● **Required work**:
An exact, complete copy of the entries below is required, minus any pictures.

● **Data excerpts**:
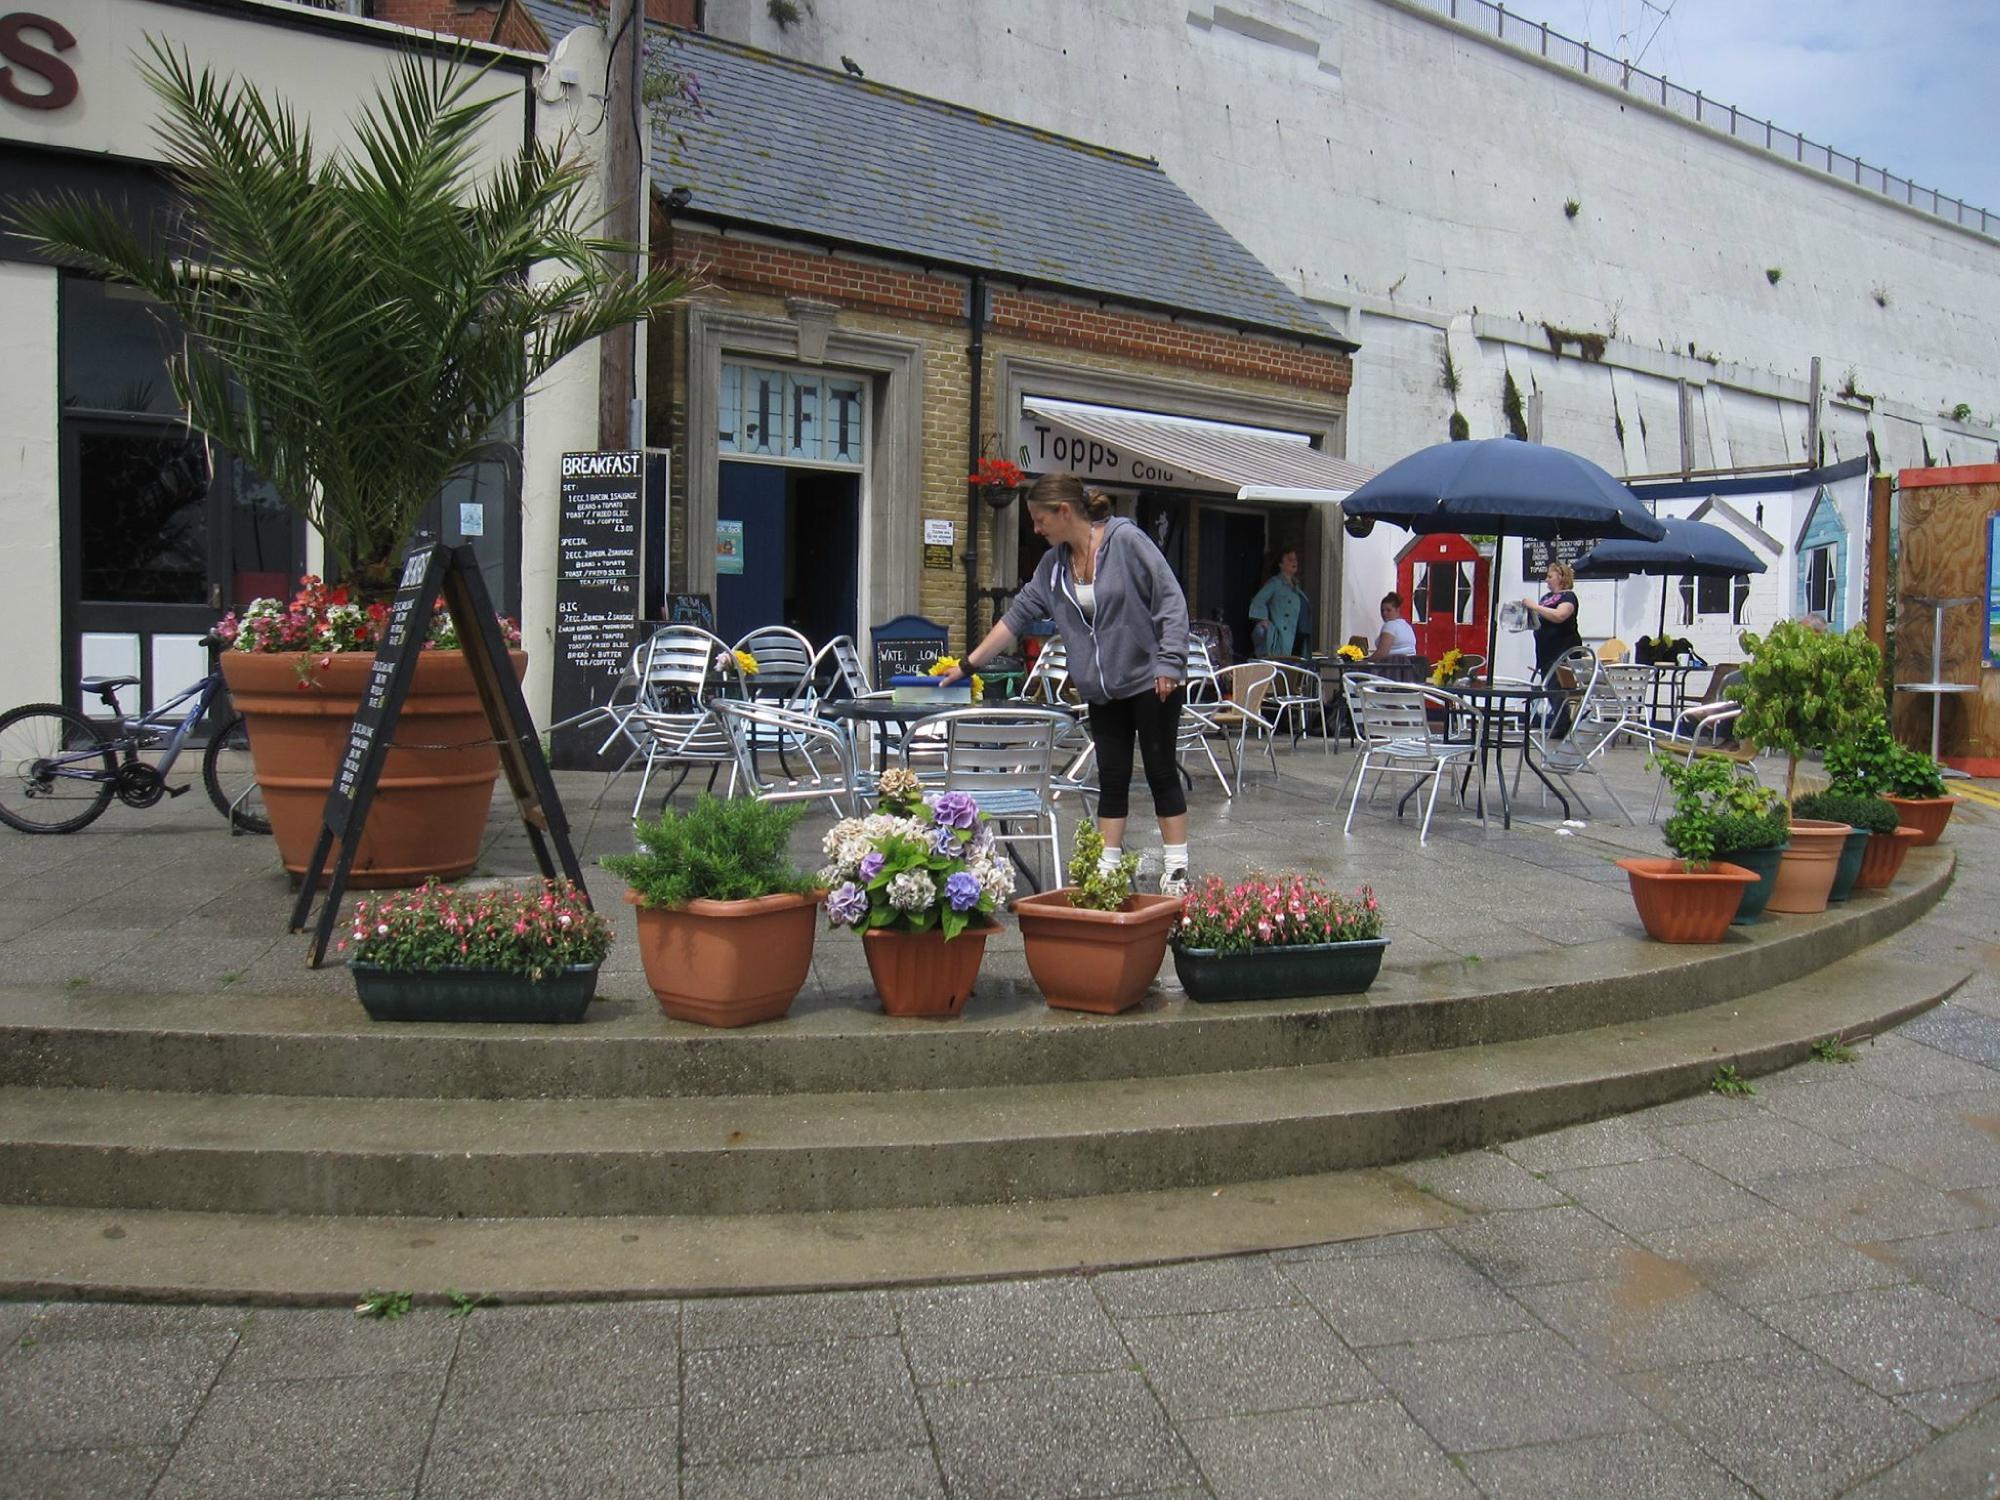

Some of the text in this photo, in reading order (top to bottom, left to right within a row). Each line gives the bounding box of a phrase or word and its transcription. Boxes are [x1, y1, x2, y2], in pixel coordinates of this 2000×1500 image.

[0, 12, 78, 109] S
[719, 378, 857, 453] IFT
[562, 455, 640, 475] BREAKFAST
[1035, 425, 1119, 473] Topps
[560, 537, 588, 546] SPECIAL
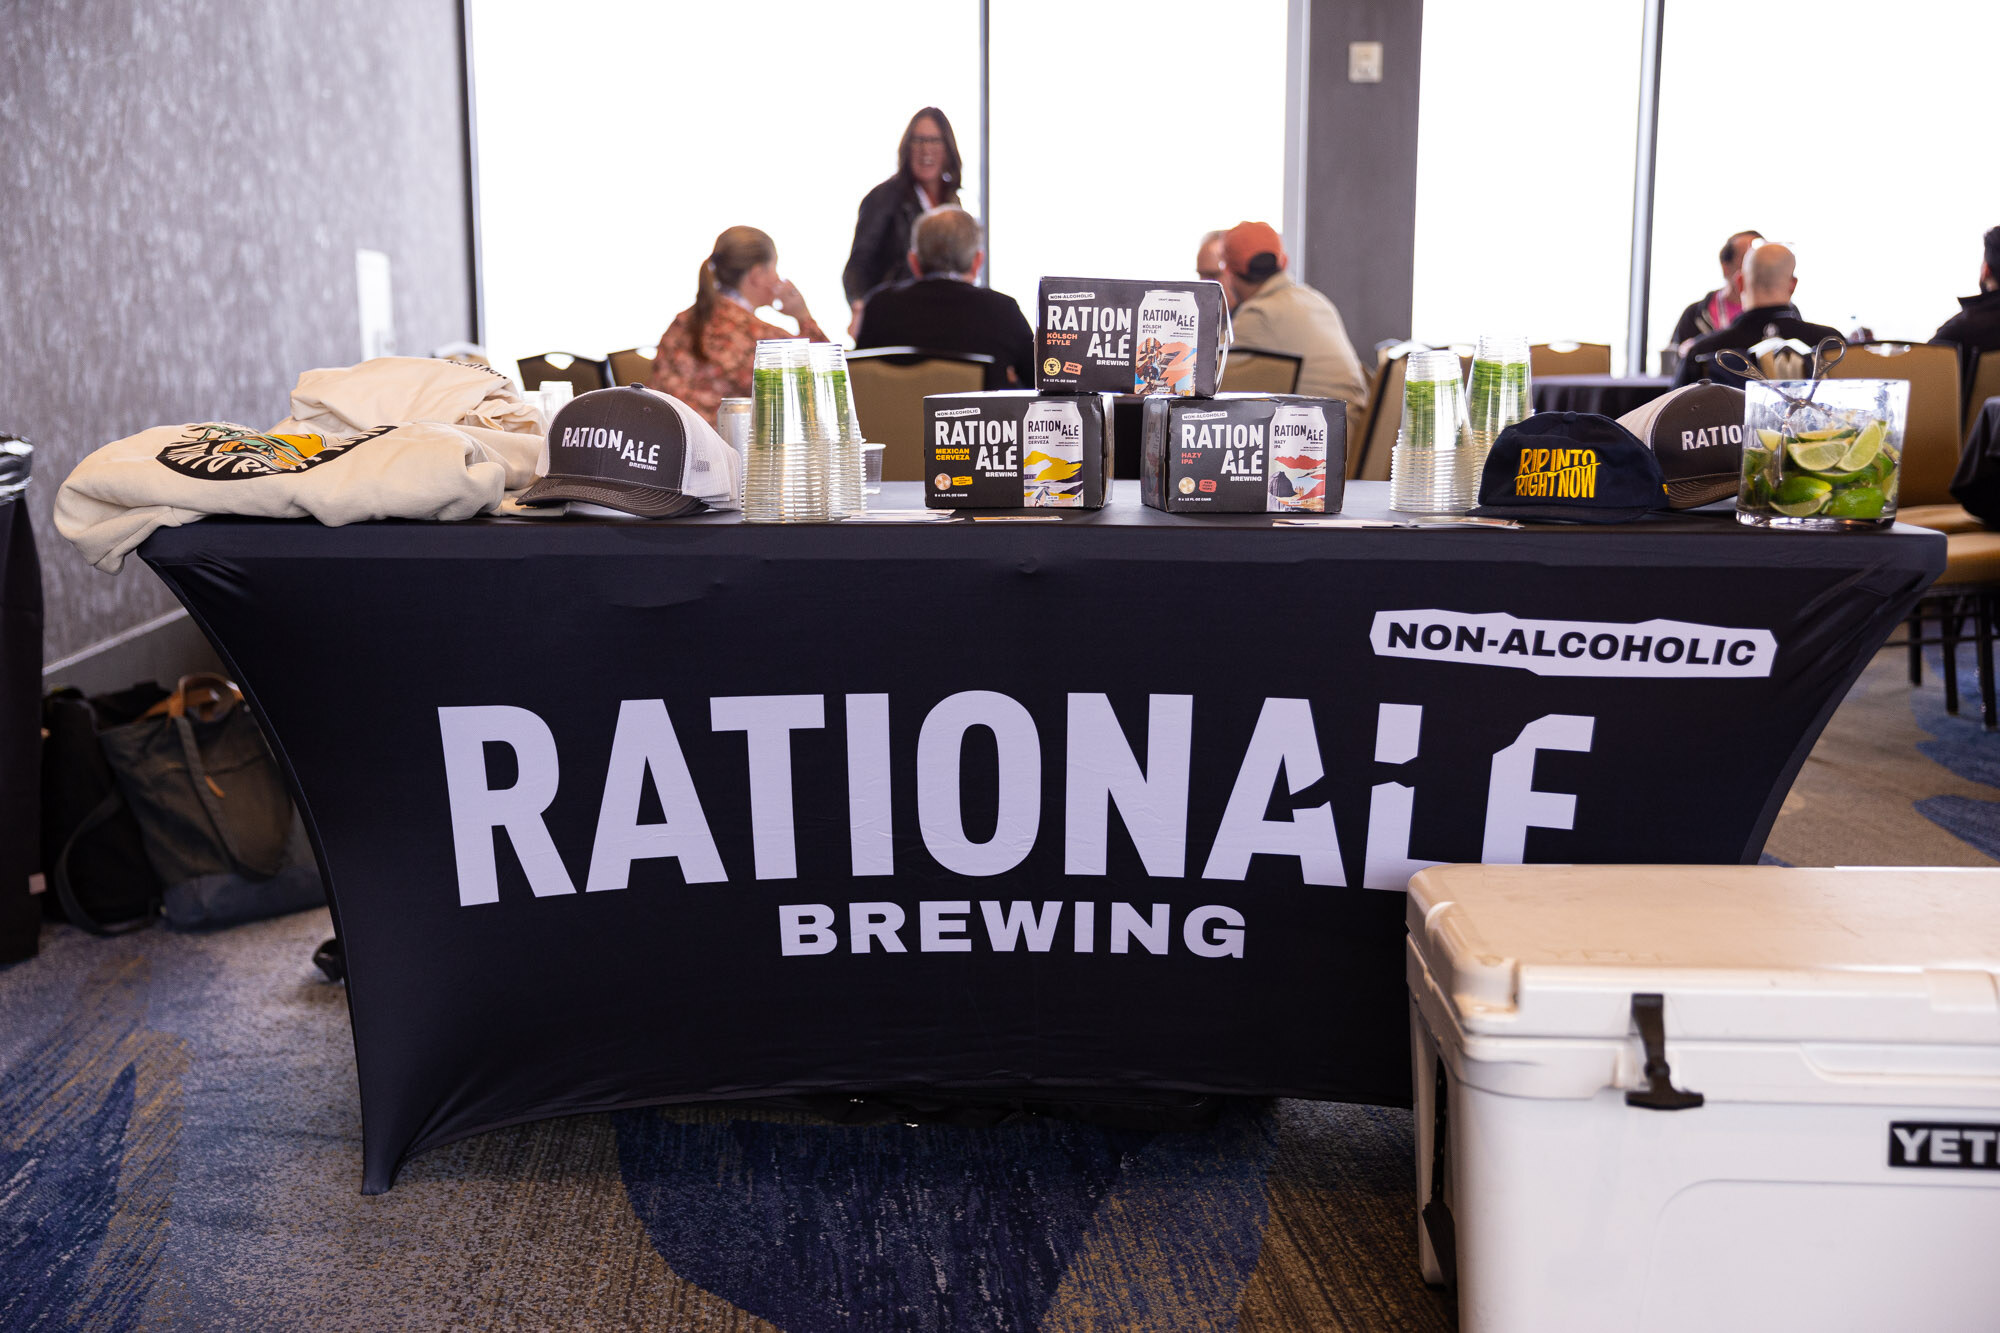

● **Response below**:
Some of the text in this photo, in reading order (top to bottom, left to right within a row). Each line gives the bounding box of a phrase or word and its transcription. Boxes are [x1, y1, x2, y2], in pixel coordinates of this 2000×1500 image.

[0, 12, 78, 109] S
[719, 378, 857, 453] IFT
[562, 455, 640, 475] BREAKFAST
[1035, 425, 1119, 473] Topps
[560, 537, 588, 546] SPECIAL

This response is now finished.